# Your assignment
Keep every word of the listing and drop the images when you write it out.

# Data provided
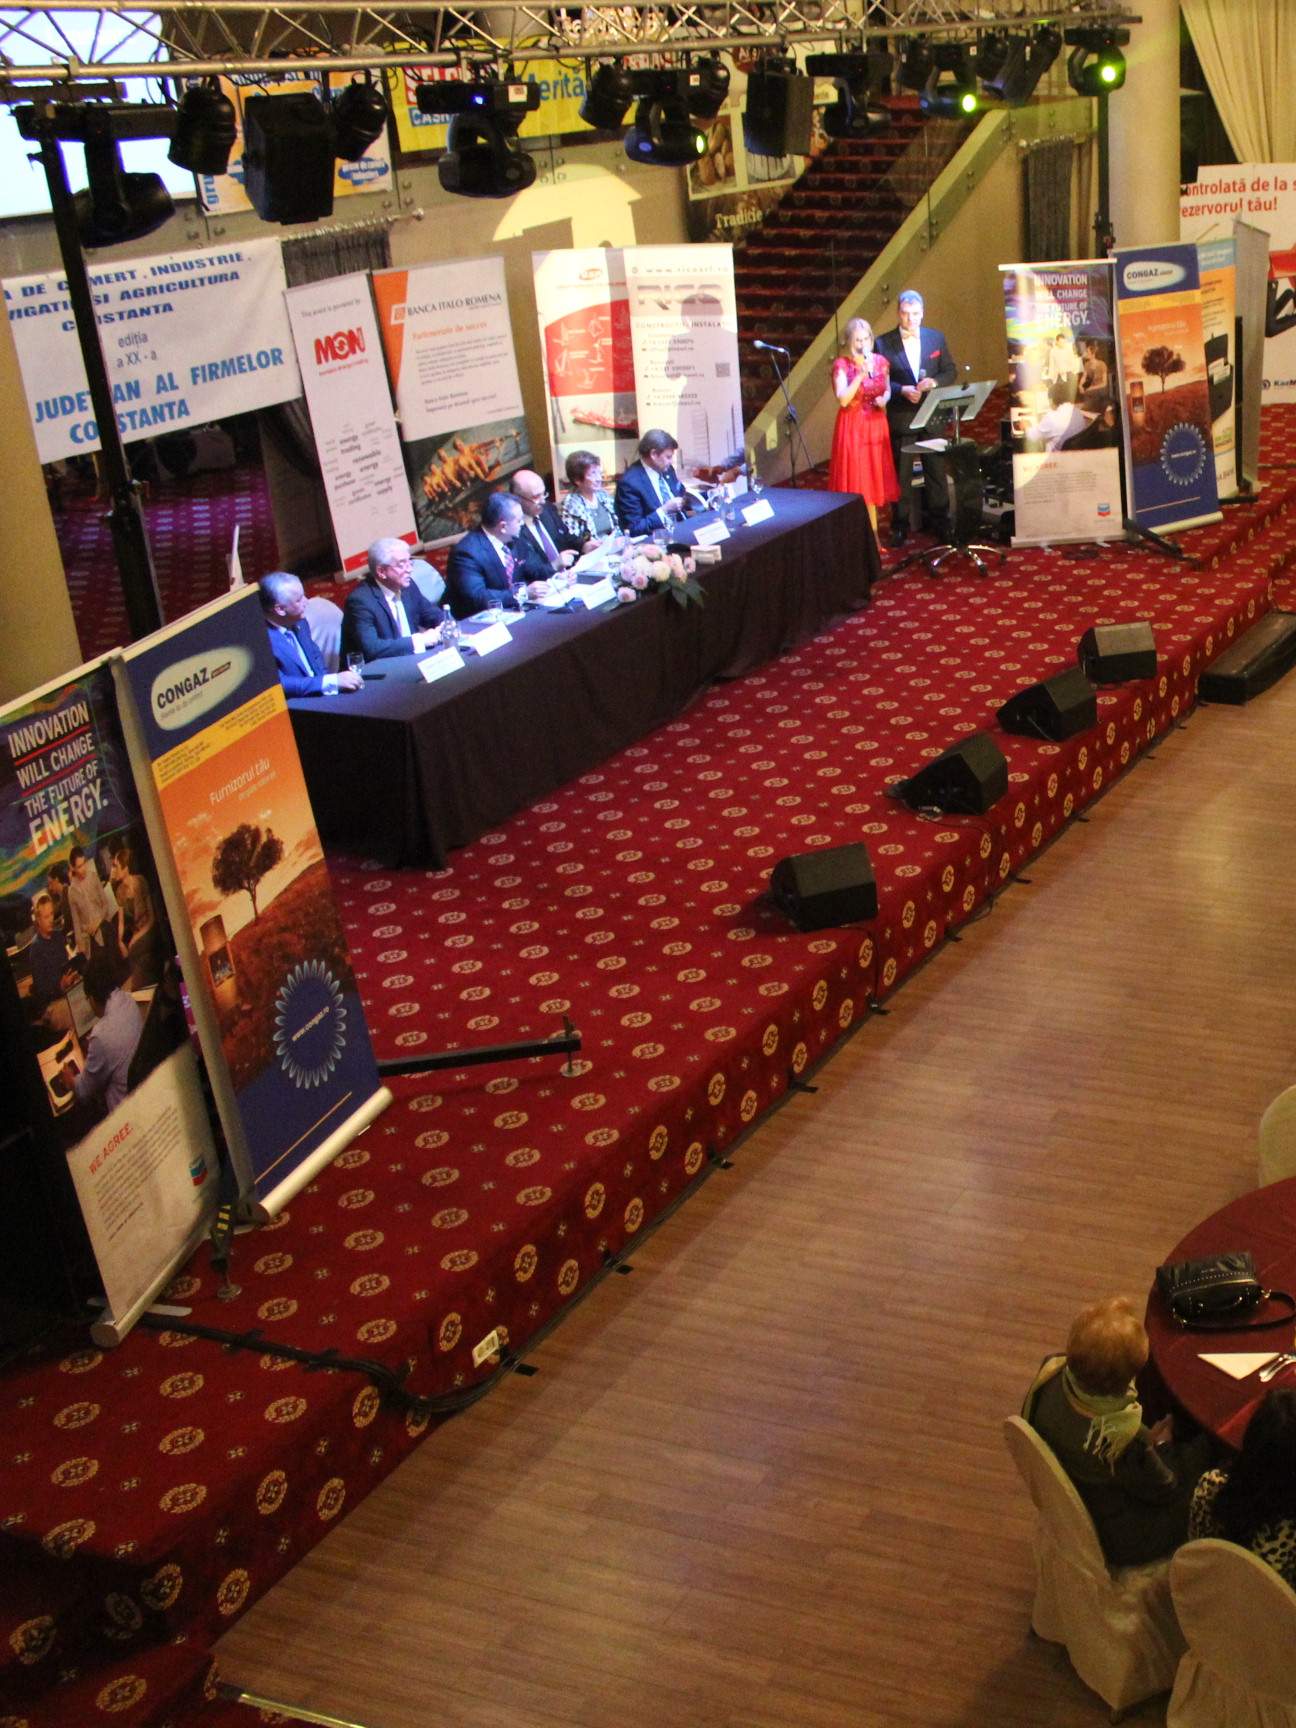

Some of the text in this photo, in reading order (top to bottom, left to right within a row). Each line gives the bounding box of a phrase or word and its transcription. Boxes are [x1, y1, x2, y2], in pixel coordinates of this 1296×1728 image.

[1181, 198, 1243, 217] ezervorul
[1186, 178, 1246, 197] ontrolată
[1251, 176, 1270, 192] de
[1274, 176, 1288, 191] la
[21, 283, 46, 298] DE
[150, 252, 243, 277] INDUSTRIE
[120, 271, 241, 301] AGRICULTURA
[1126, 268, 1160, 280] CONGAZ
[156, 372, 179, 395] AL
[190, 348, 284, 386] FIRMELOR
[69, 399, 190, 444] COSTANTA
[157, 667, 210, 709] CONGAZ
[8, 701, 90, 759] INNOVATION
[17, 732, 96, 790] WILL CHANGE
[24, 759, 99, 818] THE FUTURE OF
[29, 778, 110, 855] ENERGY.

# Expected answer
Some of the text in this photo, in reading order (top to bottom, left to right within a row). Each line gives the bounding box of a phrase or word and its transcription. Boxes are [x1, y1, x2, y2], in pixel coordinates of this 1296×1728 image.

[1181, 198, 1243, 217] ezervorul
[1186, 178, 1246, 197] ontrolată
[1251, 176, 1270, 192] de
[1274, 176, 1288, 191] la
[21, 283, 46, 298] DE
[150, 252, 243, 277] INDUSTRIE
[120, 271, 241, 301] AGRICULTURA
[1126, 268, 1160, 280] CONGAZ
[156, 372, 179, 395] AL
[190, 348, 284, 386] FIRMELOR
[69, 399, 190, 444] COSTANTA
[157, 667, 210, 709] CONGAZ
[8, 701, 90, 759] INNOVATION
[17, 732, 96, 790] WILL CHANGE
[24, 759, 99, 818] THE FUTURE OF
[29, 778, 110, 855] ENERGY.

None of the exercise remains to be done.